Matt Bean is starting out as a family shrink (someday I’m going to ask him how he does it and if he thinks it’s entirely consistent with our mission to “replenish the earth”). He has an enourmous (that’s for Meridian readers in the British Commonwealth ) intellect, which he uses very much to bless us, but is moved by memories of passing the sacrament. He seldom brings rope or hubcaps, but yesterday he brought milk and cinnamon rolls, to no objective purpose I could discern except to be nice.
[Very Important Note For Those Who Are Particularly Sensitive About Obedience to Directives from Church Headquarters: It never says “No treats for elders quorum.” Look it up.]
Our third teacher is Rick Koerber, who is noted for two things, the first being that he is home taught by a bona fide (fair dinkum, for certain members of the British Commonwealth) Meridian Columnist, and the second being that he is on billboards around here as “The Free Capitalist” (as opposed, I suppose, to a capitalist for which money is charged). But that’s just his day gig. Then he comes home to us as a devoted Latter-day Saint and a voracious Gospel Scholar with the extra spark of the convert, which he came by honestly, because he is one.
(Speaking of converts, I’m leaning toward becoming a capitalist. This is mostly because every time I tell somebody that I write for Meridian, I get this twinge of embarrassment from having been tempted to read, in my youth – quite without my parents’ knowledge or consent – that one book by Cleon Skousen, The Naked Columnist .

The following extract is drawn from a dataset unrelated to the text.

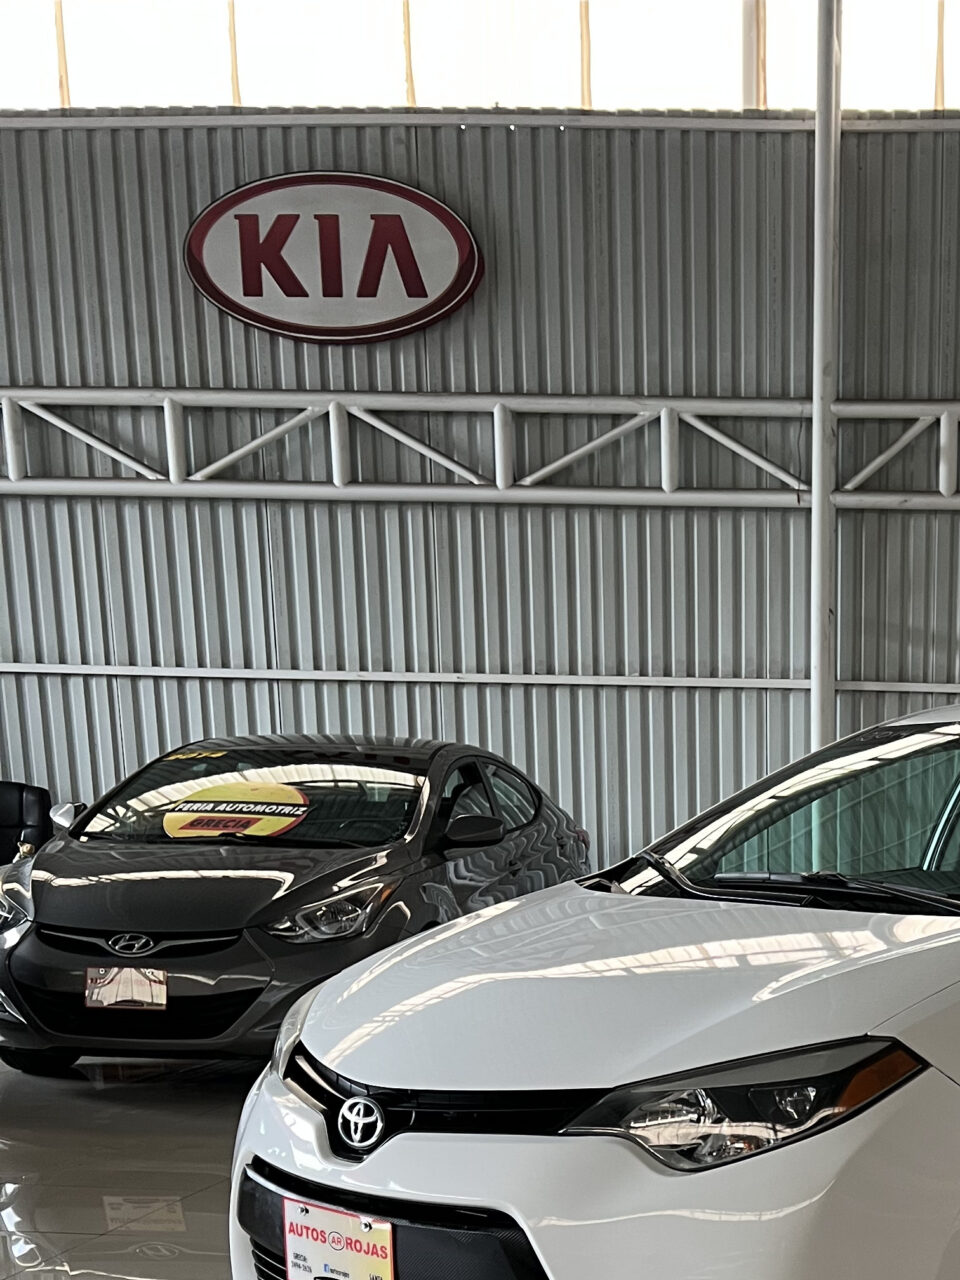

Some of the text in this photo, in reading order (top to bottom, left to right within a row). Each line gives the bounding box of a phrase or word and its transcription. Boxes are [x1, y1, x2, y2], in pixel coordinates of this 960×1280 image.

[234, 213, 428, 298] KIA
[174, 802, 308, 815] FERIA AUTOMOTRIZ
[189, 818, 252, 829] GRECIA
[288, 1221, 388, 1260] AUTOS AR ROJAS

((I’ve been writing historical fiction for a company in which my son, Sam, is the editor, and, therefore, sort of my boss. He’s been teaching me about using this punctuation “-” (((only without the quotation marks))) to set off parenthetical thoughts. Seems like a good idea, generally, except that you could wind up with writing like this:
– -I’ve been writing historical fiction for a company in which my son, Sam, is the editor – and, therefore, sort of my boss. He’s been teaching me about using this punctuation “-“- – -only without the quotation marks – – – to set off parenthetical thoughts. – – – Sam is my oldest son. My youngest son, John, is learning Morse Code – this could confuse him. – – – – Apart from this one suggestion, he’s a pretty good editour – – – – – If he were editing for a British Commonwealth audience, that’s how he’d have me spell it – – – – -. – – – – – – – -)

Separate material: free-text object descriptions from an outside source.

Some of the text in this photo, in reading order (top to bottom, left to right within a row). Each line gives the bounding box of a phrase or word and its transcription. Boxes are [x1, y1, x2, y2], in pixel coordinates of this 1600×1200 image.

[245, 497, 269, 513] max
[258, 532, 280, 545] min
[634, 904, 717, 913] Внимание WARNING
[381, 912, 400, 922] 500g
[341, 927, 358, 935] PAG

I don’t hear only half of what the quorum instructor says because we’re misbehaving in there (you may remember the milk and cinnamon rolls? ((Hey! I just discerned the objective purpose!)).) I hear only half because I’m trying to capture in my journal the last thing they, or, more often, the Spirit, has said to me.
I think taking notes in elders quorum (in sacrament meeting, as well, if your daughter doesn’t mind being handed cheerios with ink on them) is a good idea, just like it’s a good idea to do it in general conference. (The last time I consciously chose not to take conference notes in my journal was during a Saturday afternoon session some years ago. I had just acquired a new rifle, and thought I could drive up on the hills west of town and plink cans with the car radio up real loud, and that I’d absorb most of what the Lord wanted me to hear. Right. ((<-sarcasm)) )

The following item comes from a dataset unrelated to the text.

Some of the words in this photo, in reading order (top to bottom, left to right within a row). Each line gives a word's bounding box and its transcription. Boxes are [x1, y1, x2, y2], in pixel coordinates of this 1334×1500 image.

I learn great stuff. Let me leaf back to just earlier this year. (Don’t actually even know what’s there.)
27 January 2008
“Rod Miller says life is good because of God. That’s because all that’s good is because of God.”
So far, so good.
3 February 2008
“To be saved with no more effort than to confess Christ would be an acceptable idea if all the Lord had in mind for us was eternal existence. To feel His joy we must do His works and be strengthened by His quality of selflessness.”
2 March 2008
“A manager will effectively use his people to enhance results. A leader will effectively use results to enhance his people.”
(You might think, “Hey, that little two-sentence observation distracted you from half the lesson? C’mon!” But what took so much of my attention was figuring out how to write it good.)
9 March 2008
“Reading Joseph’s description of the Lord in D&C 110, I feel challenged to ponder long upon written images of Christ’s personal beauty and glorious actions.”
“Cain’s offering was certainly rejected because of the condition of his heart, but perhaps also because, absent the shedding of blood, it couldn’t have had the only meaning that sacrifice has – to point the sacrificer to the atoning blood of Christ.”
“In the elders quorum I am regularly fed by guys who are twenty and thirty years my junior.”
(On about the fourth Sunday after we first started attending this ward eight years ago, Colin Grant, the high priests group leader, pulled me aside and said, “Mahvin ((he’s from New Zealand, part of the British Commonwealth)), we’ve welcomed some of the (ahem) more mature elders to meet with our group as guests, if that would be more comfortable for them.” I didn’t tell him the first reason for not accepting the invitation, which was that I was shocked, shocked, to be thought of as “(ahem) more mature.” But I told him the second reason, which was that I was already teaching the elders. I keep getting these reinforcements, though, like in the following entry:
31 May 2008
“John [7 years old] and I took a little hike down by Dry Creek on the city trail. There’s a little notice there prohibiting motorcycles, and I mentioned that I’d like a motorcycle, but Mom wouldn’t feel I was safe. He said, ‘Dad, it’s kinda funny imagining you on a motorcycle, when you should be inside, sleeping.'”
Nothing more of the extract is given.